(Stored items from a collection)
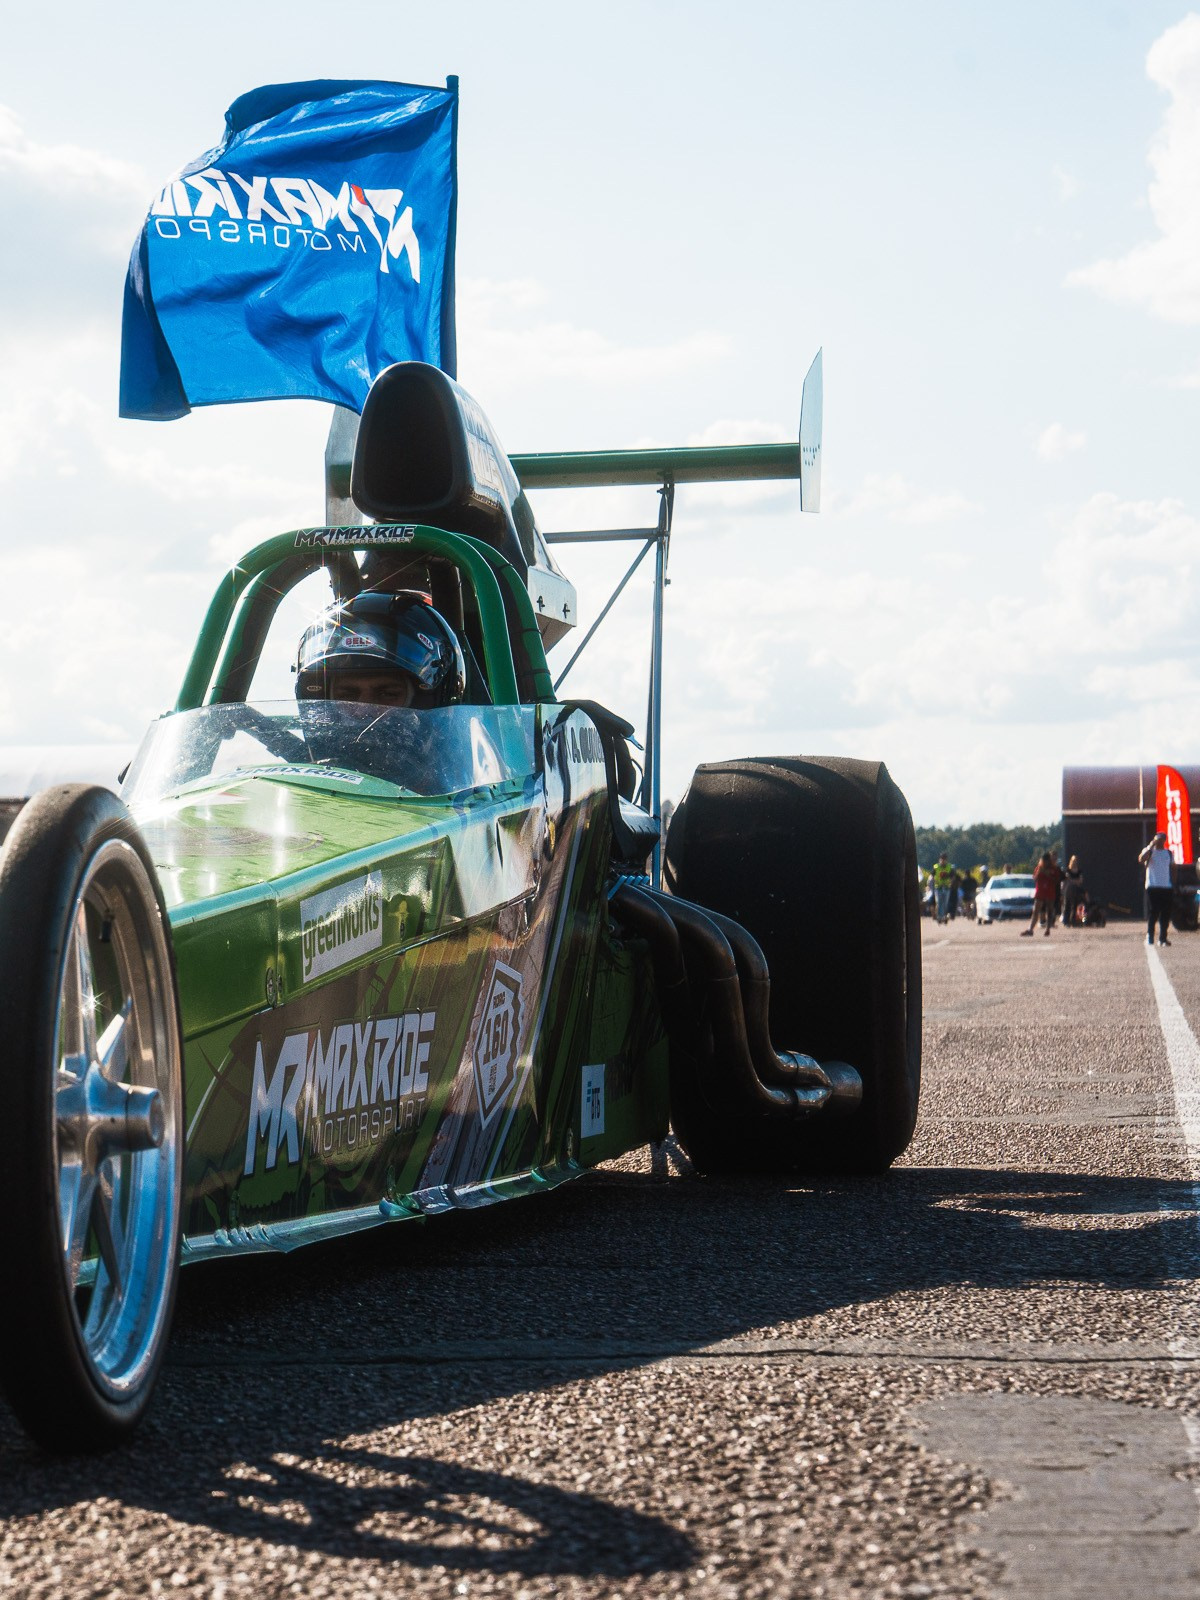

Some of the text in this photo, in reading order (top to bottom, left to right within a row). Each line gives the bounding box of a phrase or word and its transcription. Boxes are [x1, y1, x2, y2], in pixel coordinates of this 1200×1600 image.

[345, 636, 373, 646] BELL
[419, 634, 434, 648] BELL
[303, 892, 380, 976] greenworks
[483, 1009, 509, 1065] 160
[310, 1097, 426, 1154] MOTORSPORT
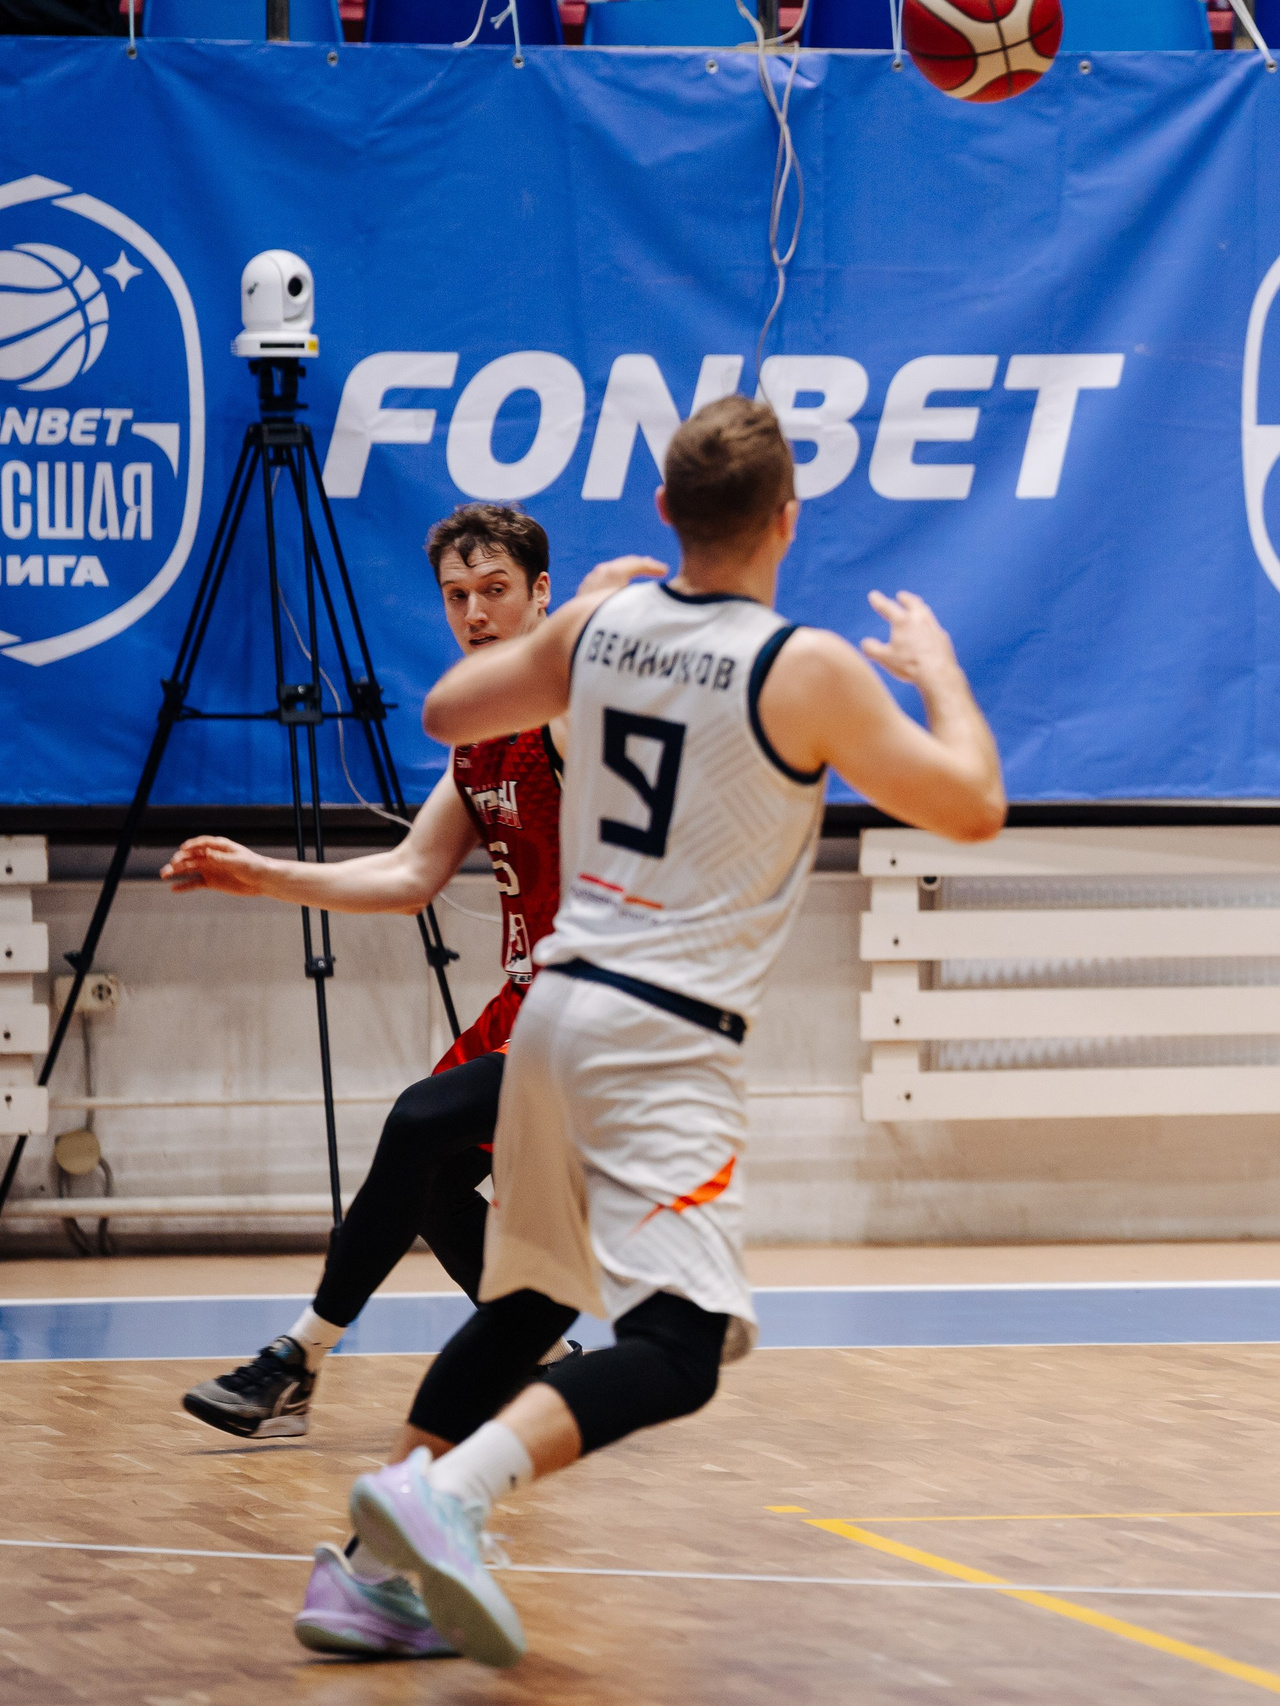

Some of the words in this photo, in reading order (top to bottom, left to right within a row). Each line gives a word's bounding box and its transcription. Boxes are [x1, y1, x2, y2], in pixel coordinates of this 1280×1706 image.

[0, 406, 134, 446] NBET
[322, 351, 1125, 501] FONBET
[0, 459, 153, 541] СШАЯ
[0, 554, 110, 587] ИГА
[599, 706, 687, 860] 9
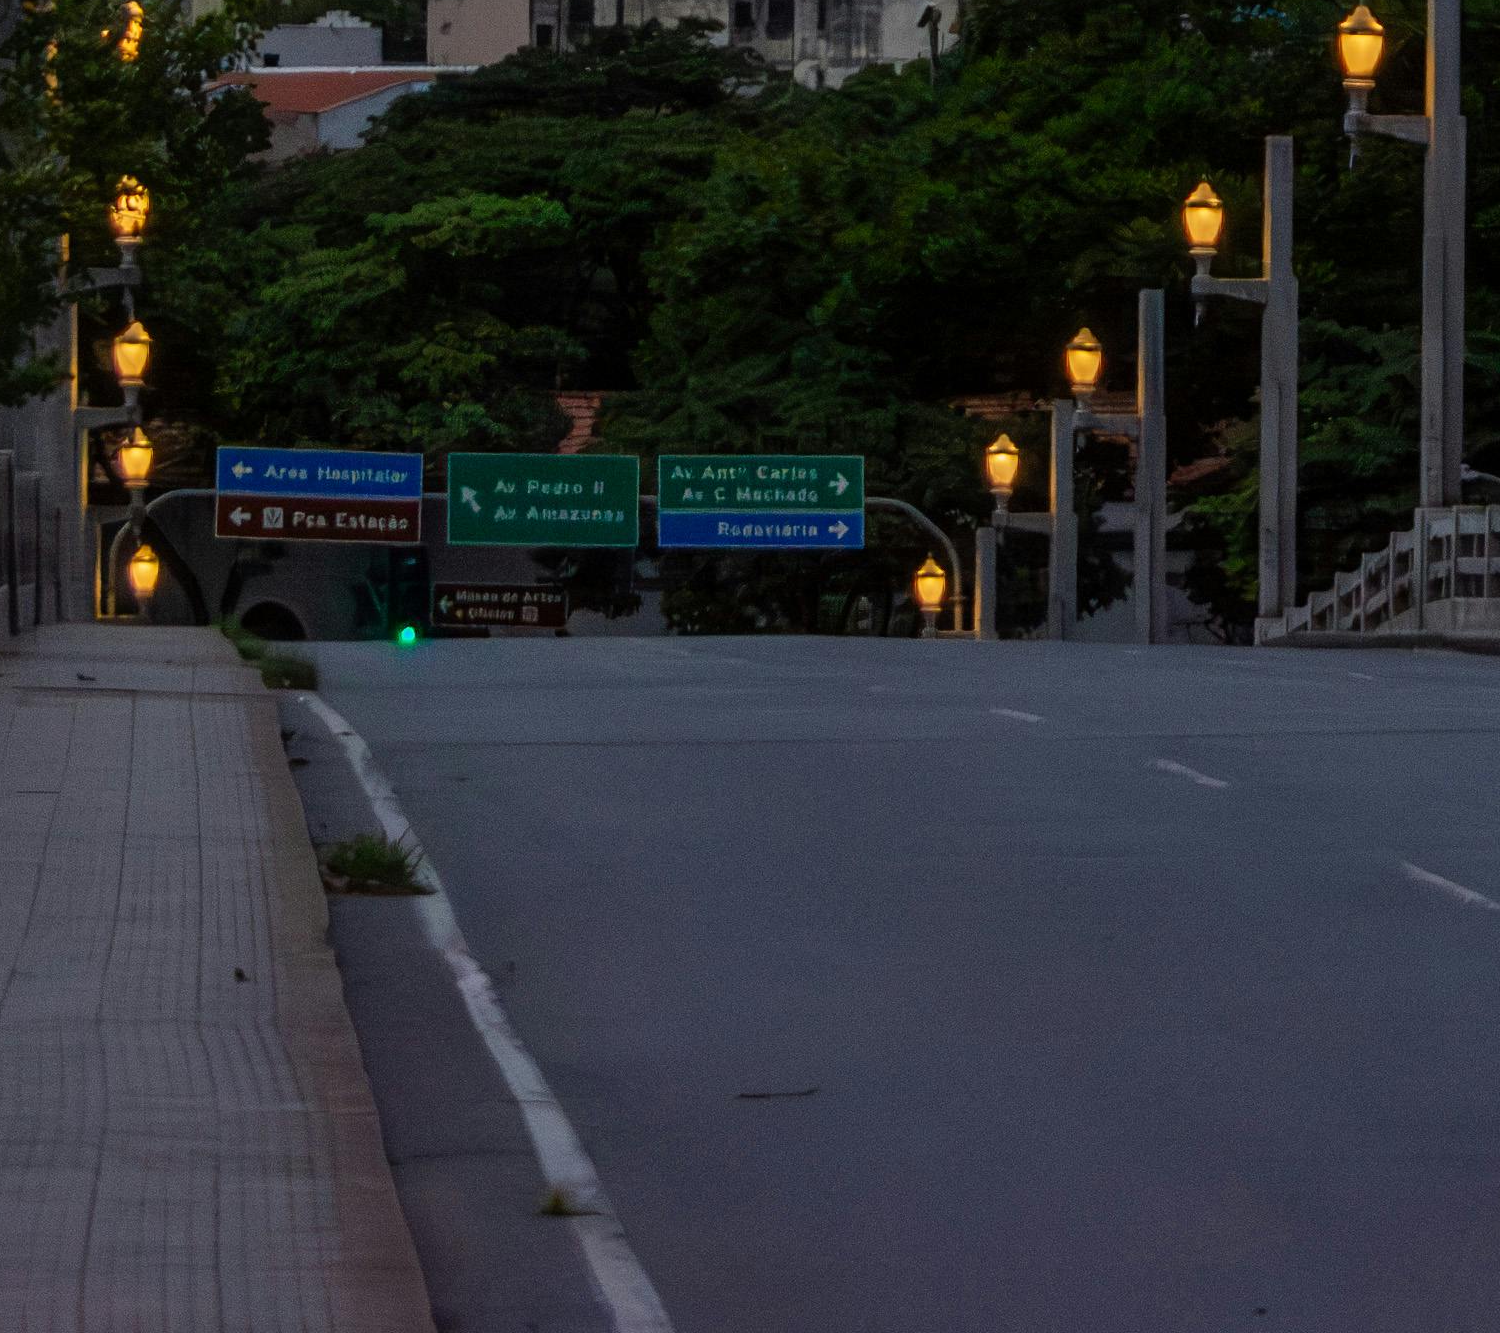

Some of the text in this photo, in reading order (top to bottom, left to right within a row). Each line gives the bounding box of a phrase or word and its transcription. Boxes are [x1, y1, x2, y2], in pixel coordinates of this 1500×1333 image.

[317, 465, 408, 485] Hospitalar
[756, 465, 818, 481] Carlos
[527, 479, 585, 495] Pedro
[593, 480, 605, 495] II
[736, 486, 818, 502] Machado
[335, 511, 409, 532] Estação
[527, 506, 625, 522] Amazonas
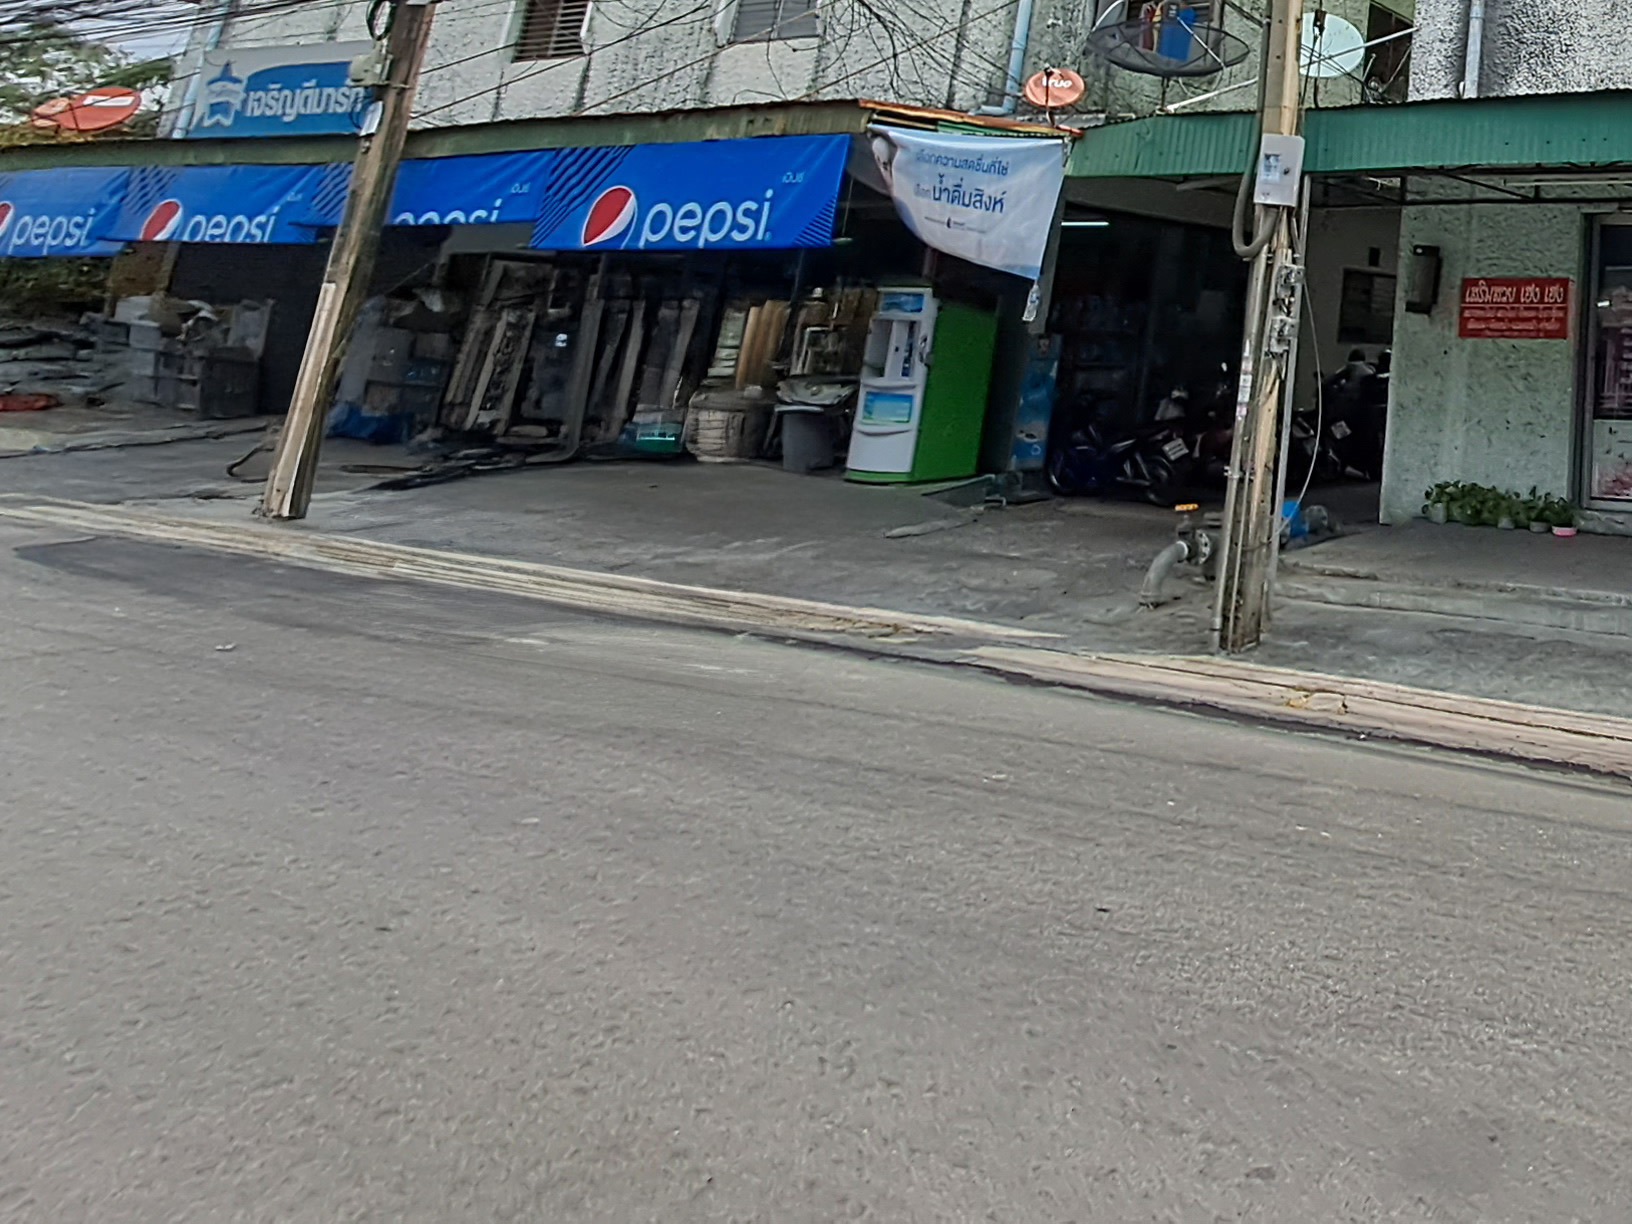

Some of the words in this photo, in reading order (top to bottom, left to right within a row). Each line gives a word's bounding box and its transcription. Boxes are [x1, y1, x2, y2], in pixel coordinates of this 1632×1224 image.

TASK OBJECTIVE
The records above must be printed exactly; the pictures stay out.

RESPONSE AREA
Some of the text in this photo, in reading order (top to bottom, left to right within a row). Each line gives the bounding box of a phrase or word and its transcription. Boxes are [x1, y1, x2, y2], in pixel coordinates of this 1200×1600 image.

[345, 636, 373, 646] BELL
[419, 634, 434, 648] BELL
[303, 892, 380, 976] greenworks
[483, 1009, 509, 1065] 160
[310, 1097, 426, 1154] MOTORSPORT

Some of the words in this photo, in reading order (top to bottom, left to right within a row). Each line gives a word's bounding box and its transcription. Boxes are [x1, y1, x2, y2], in pixel coordinates of this 1280×1706 image.

[0, 406, 134, 446] NBET
[322, 351, 1125, 501] FONBET
[0, 459, 153, 541] СШАЯ
[0, 554, 110, 587] ИГА
[599, 706, 687, 860] 9

Some of the text in this photo, in reading order (top to bottom, left to right within a row). Each line gives the bounding box of a phrase or word and its transcription. Boxes are [x1, y1, x2, y2], in pixel coordinates of this 1500×1333 image.

[317, 465, 408, 485] Hospitalar
[756, 465, 818, 481] Carlos
[527, 479, 585, 495] Pedro
[593, 480, 605, 495] II
[736, 486, 818, 502] Machado
[335, 511, 409, 532] Estação
[527, 506, 625, 522] Amazonas

Some of the words in this photo, in reading order (top to bottom, left to right within a row). Each line gives a word's bounding box and its transcription. Boxes are [x1, y1, x2, y2], in pixel coordinates of this 1632×1224 image.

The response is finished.